Naturelynx is a made-in-Alberta app that is essentially a crowdsourced database. People can post pictures of basically anything in nature and post as much or as little information on the subject as they want.

The app is used as both a database for observations and behaviours as well as a place for people to learn more about Alberta species they're curious about.

"The goal with Naturelynx is really to create a biodiversity network in Canada," Tara Narwani, the director of the Alberta Biodiversity Monitoring Institute, told CBC's Radio Active.

The app shows where the photo was posted, the date it was taken, and what is in the photo. On the left, the poster wasn't sure what the species was. On the right, users in the app confirmed the species to be a common fireweed. (Naturelynx)

Narwani called the crowdsourced database "citizen science" where anyone can attribute observations. The idea has been more popular in the last decade among the science community, she said.

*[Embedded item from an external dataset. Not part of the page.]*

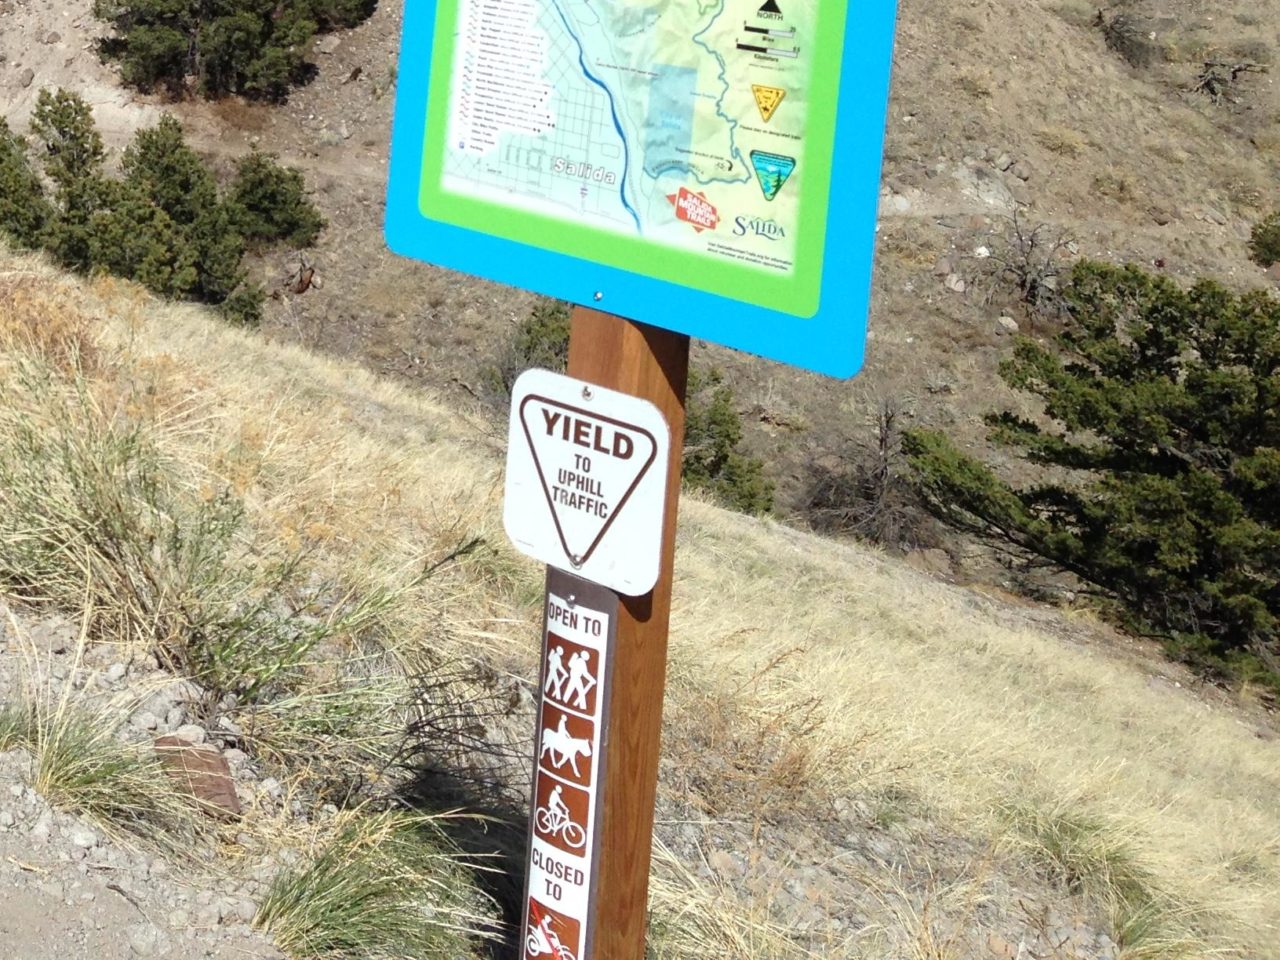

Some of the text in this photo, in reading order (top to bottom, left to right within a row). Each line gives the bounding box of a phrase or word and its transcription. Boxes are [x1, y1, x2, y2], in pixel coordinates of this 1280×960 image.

"They [citizens] really can contribute more data than the scientific community can collect," she said. "The more people interested, the more people making observations, the better and the bigger the dataset you can collect."

Members can post pictures identifying the photo subjects or simply post "unknown." Verifiers on the app will be able to confirm the species that people write or explain the ones that are unknown.

"If you're new to this, you can learn about the species that have captured your curiosity," Narwani said.

Users can also set up what's called a mission in a certain area. People in the surrounding area can contribute the diversity in plants, animals, insects they see to the mission. In future, the species collected on the mission will be added to the database and show which wildlife appear in that area.

Once enough data is collected, Narwani said the app can be used by anyone to find out what's going on around them.

"It can be used for anything you can see with your eyes," she said. "If you're new to Alberta, you're a tourist, you're a new immigrant, or you'venever really ventured out into some of our natural spaces, you can use the app."